• **WHAT YOU HAVE TO DO**
Leave out the pictures and transcribe the rest of the records exactly.

• **DATA EXTRACTS**
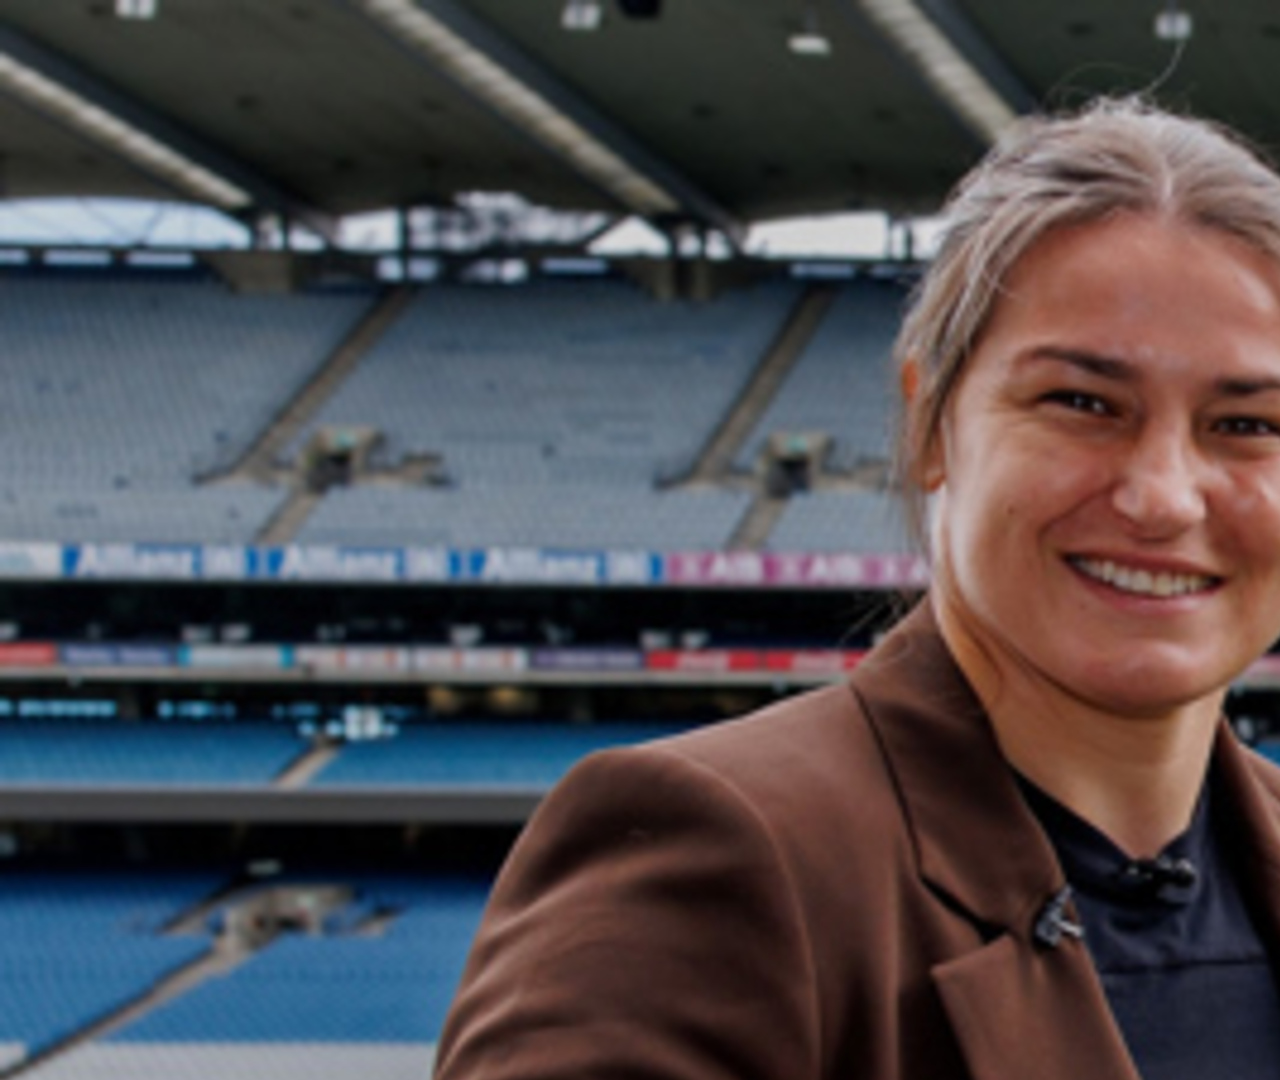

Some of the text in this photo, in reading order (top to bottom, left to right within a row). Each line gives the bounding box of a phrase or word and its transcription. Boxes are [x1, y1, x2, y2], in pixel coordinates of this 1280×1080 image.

[79, 546, 195, 578] Allianz
[280, 547, 397, 579] Allianz
[481, 549, 599, 582] Allianz
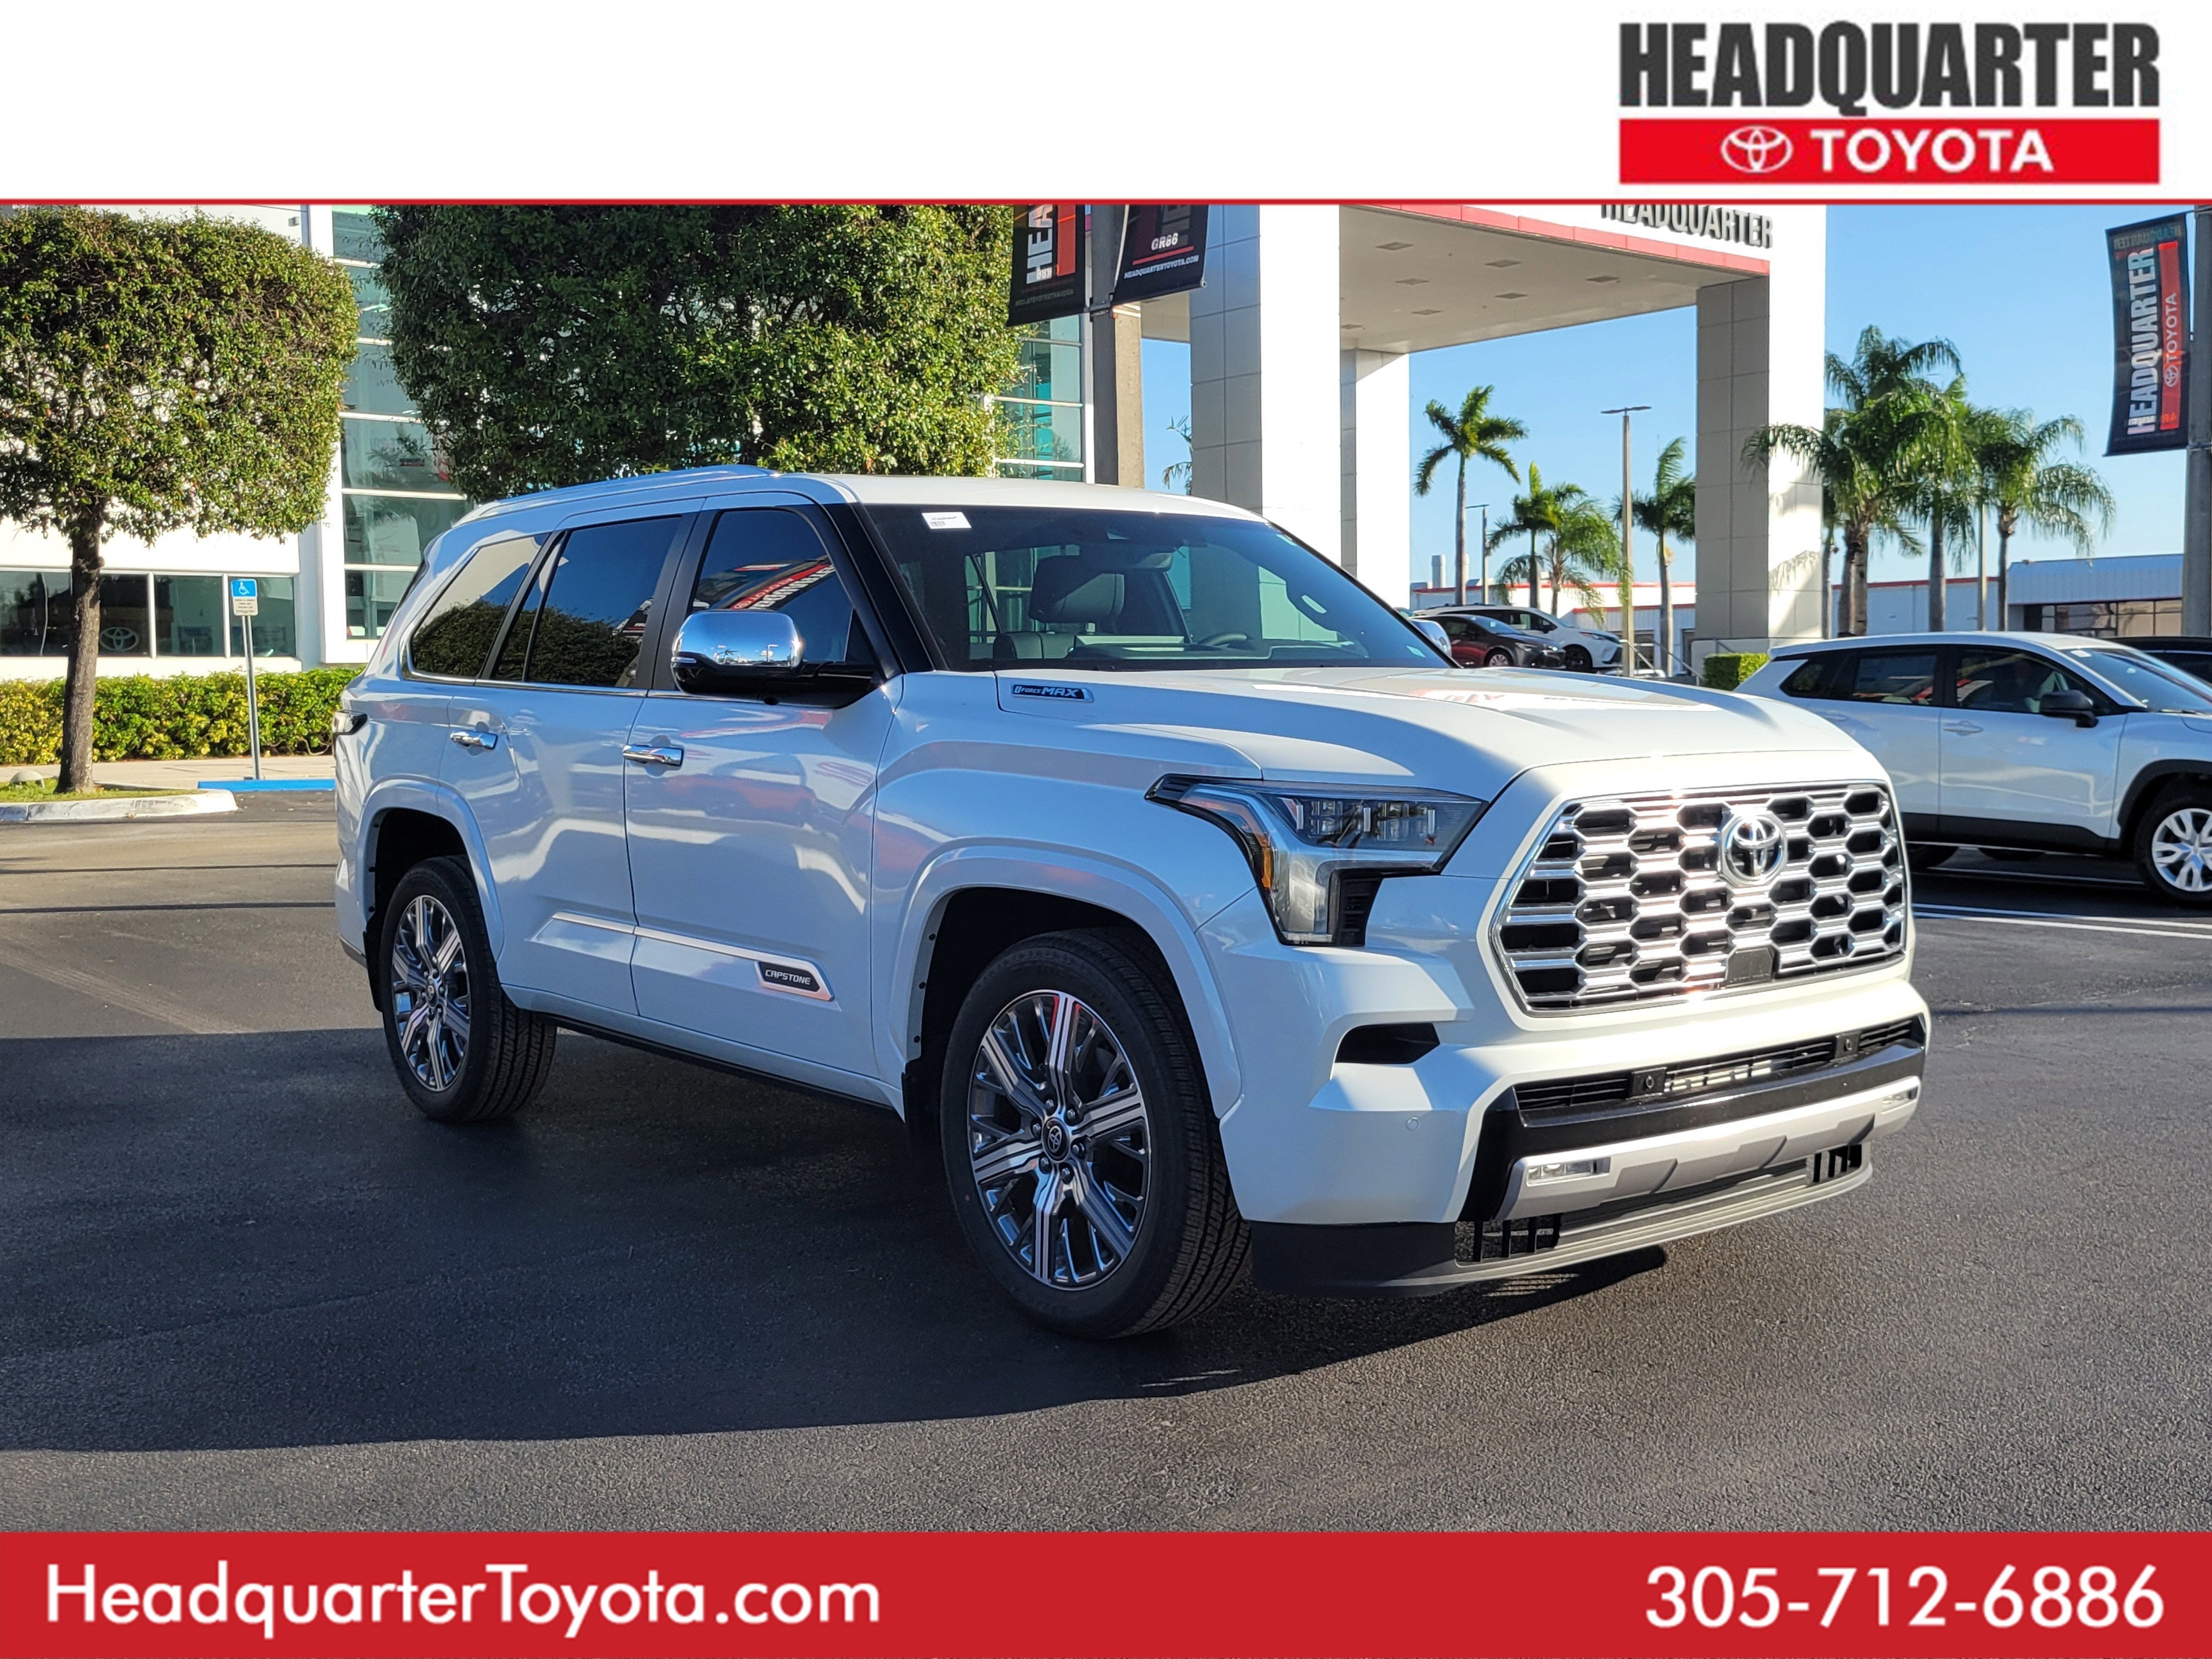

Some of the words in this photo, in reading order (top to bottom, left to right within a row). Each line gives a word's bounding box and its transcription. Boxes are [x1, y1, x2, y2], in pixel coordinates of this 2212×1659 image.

[1151, 233, 1178, 251] GR86
[1124, 255, 1199, 279] HEADQUARTERTOYOTA.COM
[2165, 291, 2179, 364] TOYOTA
[2127, 246, 2162, 435] HEADQUARTER
[1041, 687, 1079, 697] MAX
[765, 969, 811, 985] CAPSTONE
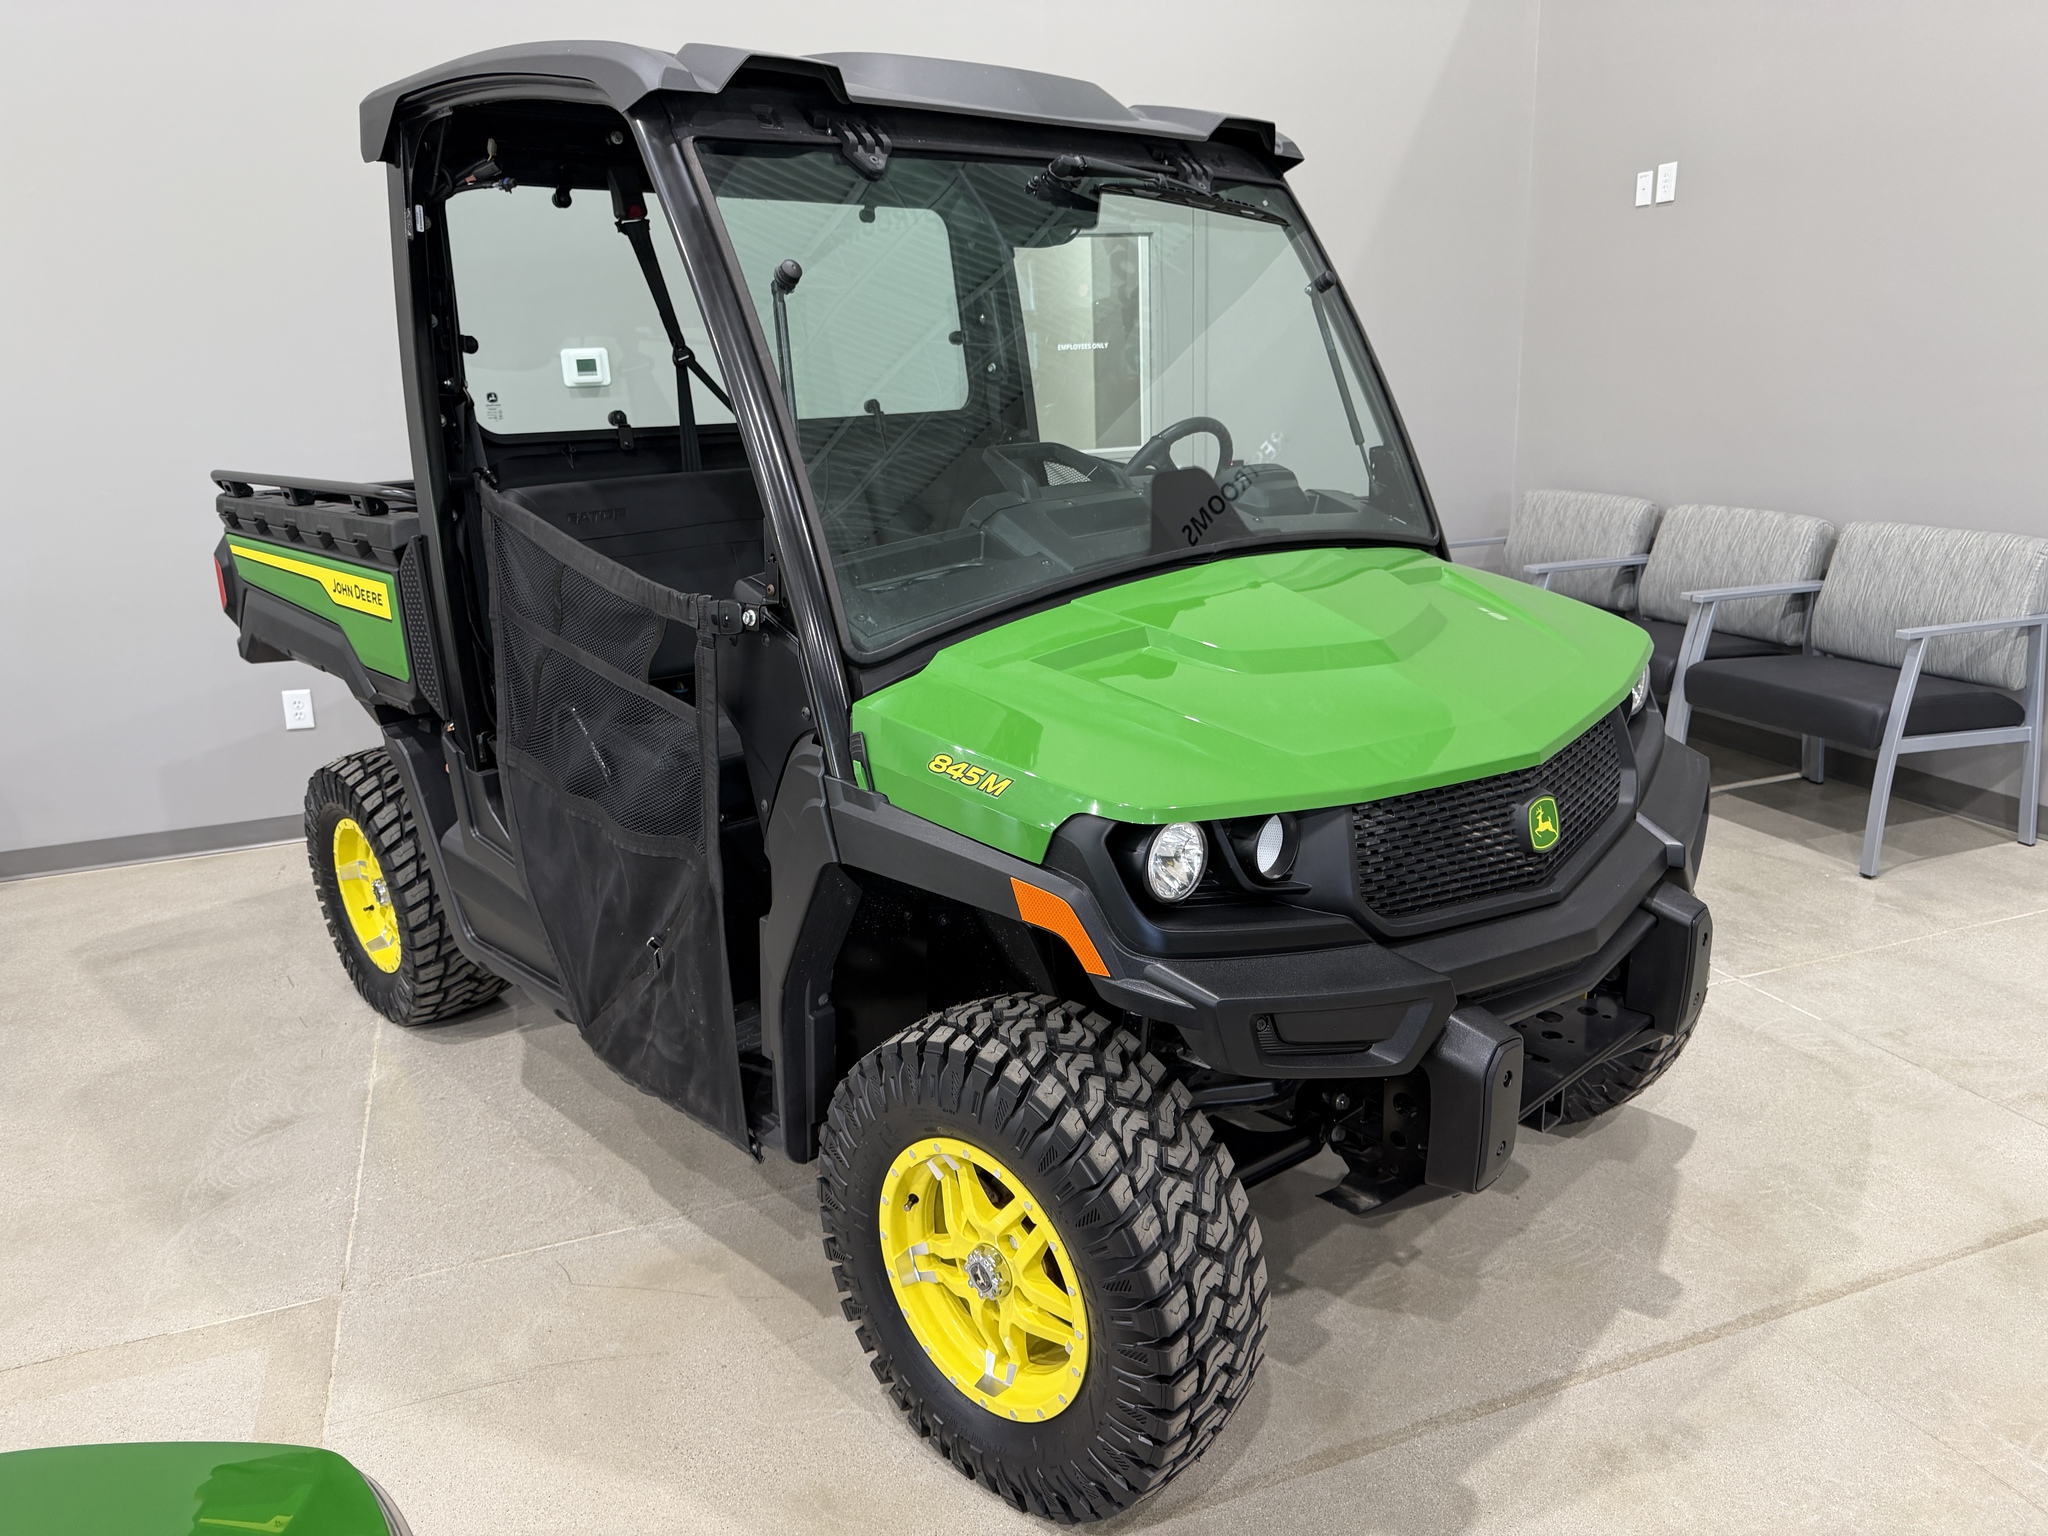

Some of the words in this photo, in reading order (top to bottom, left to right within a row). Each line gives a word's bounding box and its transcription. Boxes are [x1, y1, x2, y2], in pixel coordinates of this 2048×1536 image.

[1057, 343, 1091, 351] EMPLOYEES
[1092, 342, 1109, 350] ONLY
[332, 578, 353, 598] JOHN
[353, 585, 384, 607] DEERE

• **OUTPUT OF THE EXERCISE**
Some of the text in this photo, in reading order (top to bottom, left to right within a row). Each line gives the bounding box of a phrase or word and its transcription. Boxes are [x1, y1, x2, y2], in pixel coordinates of this 1280×1080 image.

[79, 546, 195, 578] Allianz
[280, 547, 397, 579] Allianz
[481, 549, 599, 582] Allianz

Some of the words in this photo, in reading order (top to bottom, left to right within a row). Each line gives a word's bounding box and its transcription. Boxes are [x1, y1, x2, y2], in pixel coordinates of this 2212×1659 image.

[1151, 233, 1178, 251] GR86
[1124, 255, 1199, 279] HEADQUARTERTOYOTA.COM
[2165, 291, 2179, 364] TOYOTA
[2127, 246, 2162, 435] HEADQUARTER
[1041, 687, 1079, 697] MAX
[765, 969, 811, 985] CAPSTONE

Some of the words in this photo, in reading order (top to bottom, left to right within a row). Each line gives a word's bounding box and its transcription. Boxes are [x1, y1, x2, y2], in pixel coordinates of this 2048×1536 image.

[1057, 343, 1091, 351] EMPLOYEES
[1092, 342, 1109, 350] ONLY
[332, 578, 353, 598] JOHN
[353, 585, 384, 607] DEERE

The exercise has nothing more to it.